*Exercise prompt*:
Restate all of the following data exactly, keeping any images out of the copy.

[Images for object localization]
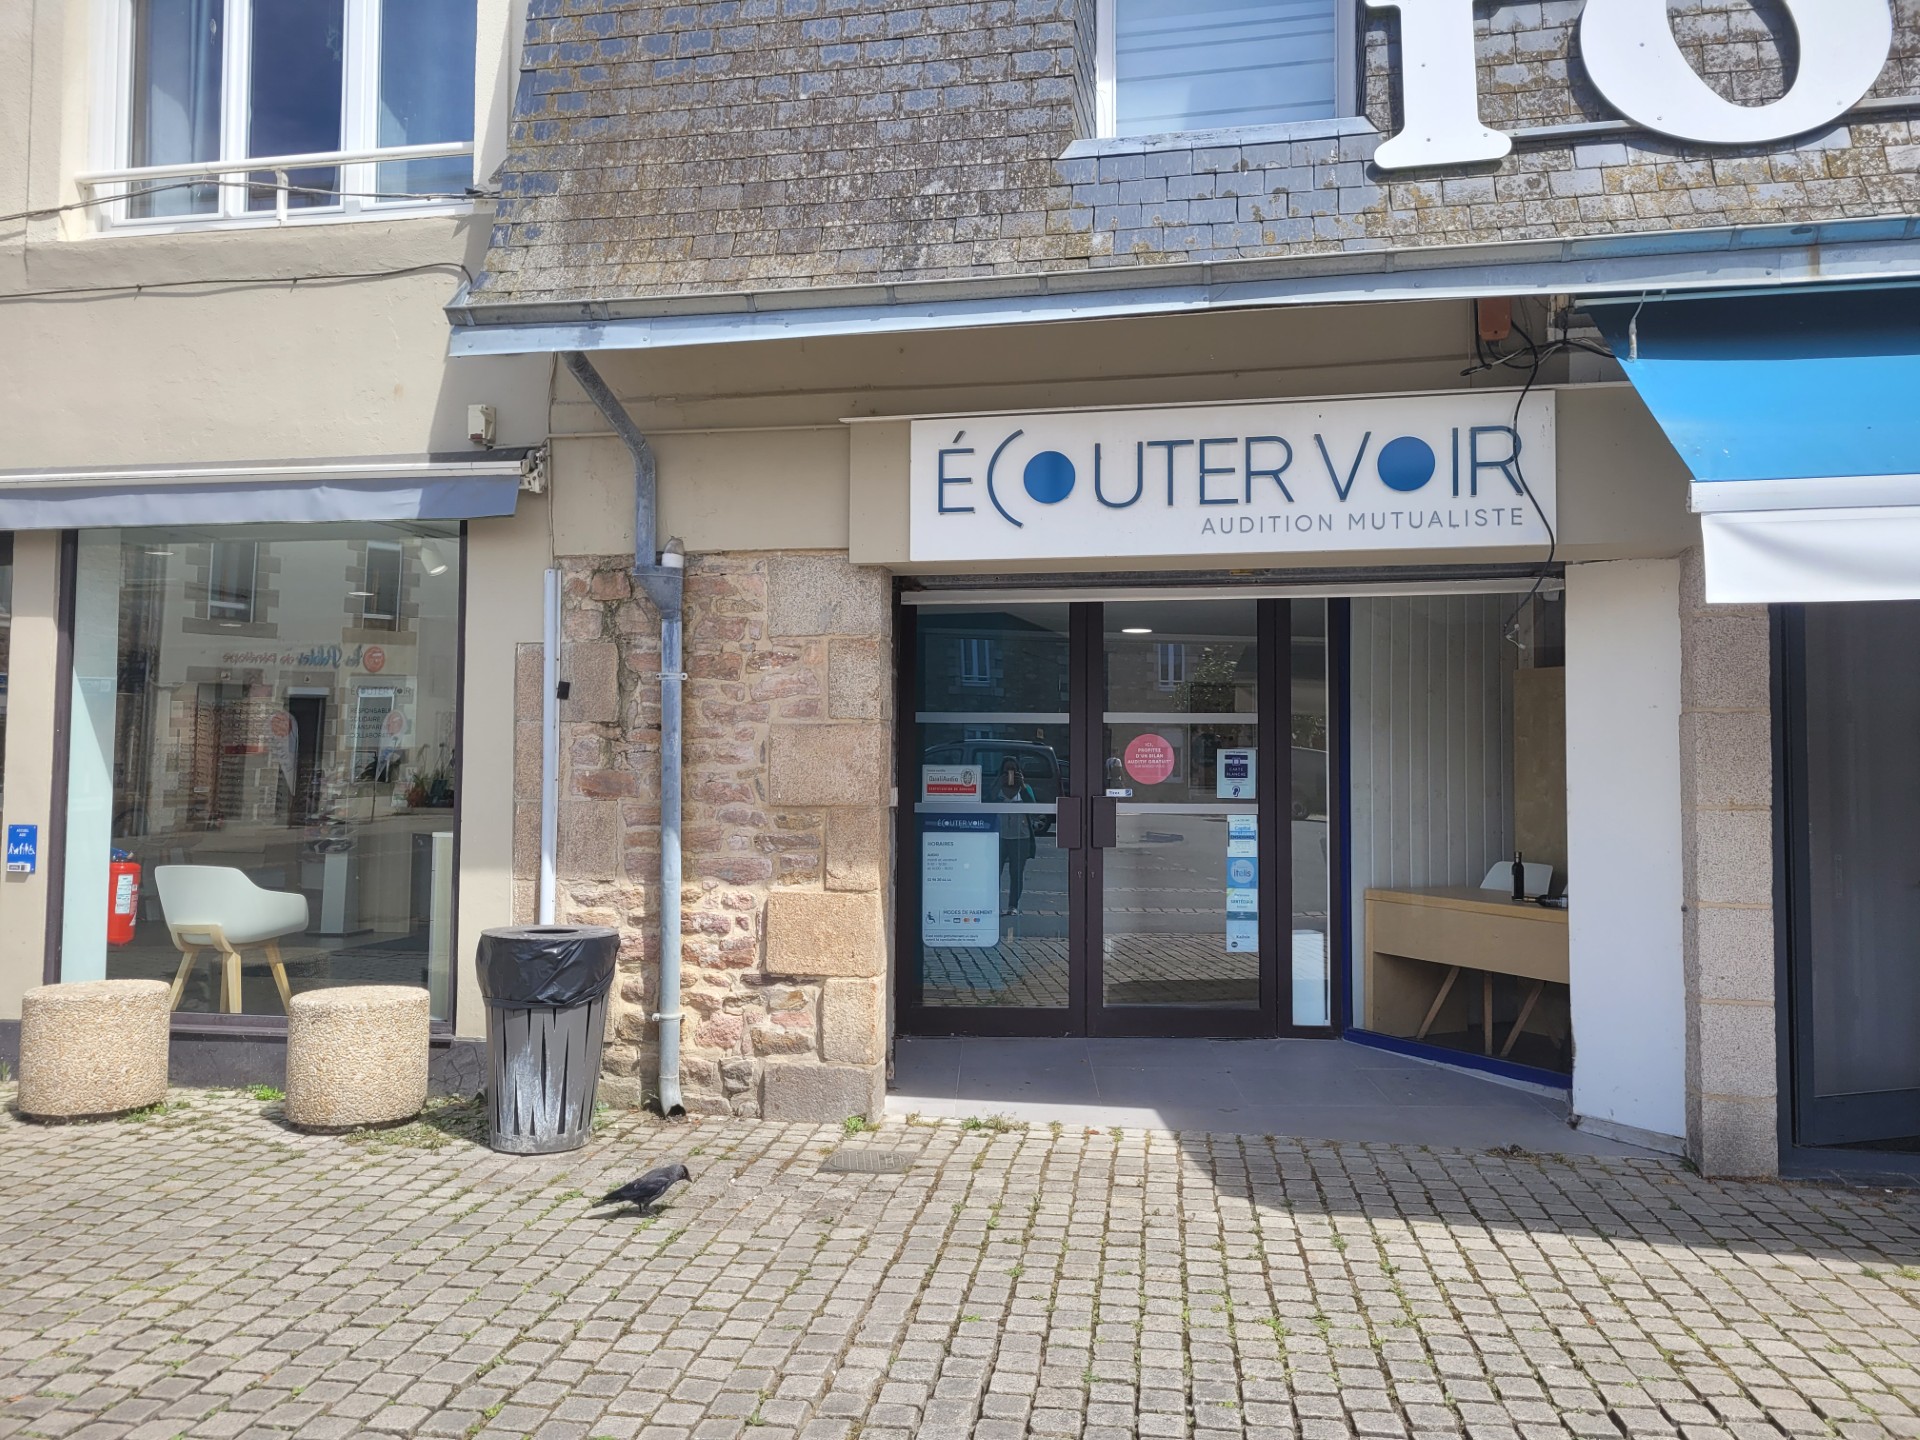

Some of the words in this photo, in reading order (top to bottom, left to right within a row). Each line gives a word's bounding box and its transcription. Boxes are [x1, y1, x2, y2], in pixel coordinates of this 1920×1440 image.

[937, 428, 1294, 529] ÉCOUTER
[1313, 424, 1524, 503] VOIR
[1201, 511, 1333, 535] AUDITION
[1348, 506, 1524, 531] MUTUALISTE

*Task solution*:
Some of the words in this photo, in reading order (top to bottom, left to right within a row). Each line gives a word's bounding box and its transcription. Boxes are [x1, y1, x2, y2], in pixel coordinates of this 1920×1440 image.

[937, 428, 1294, 529] ÉCOUTER
[1313, 424, 1524, 503] VOIR
[1201, 511, 1333, 535] AUDITION
[1348, 506, 1524, 531] MUTUALISTE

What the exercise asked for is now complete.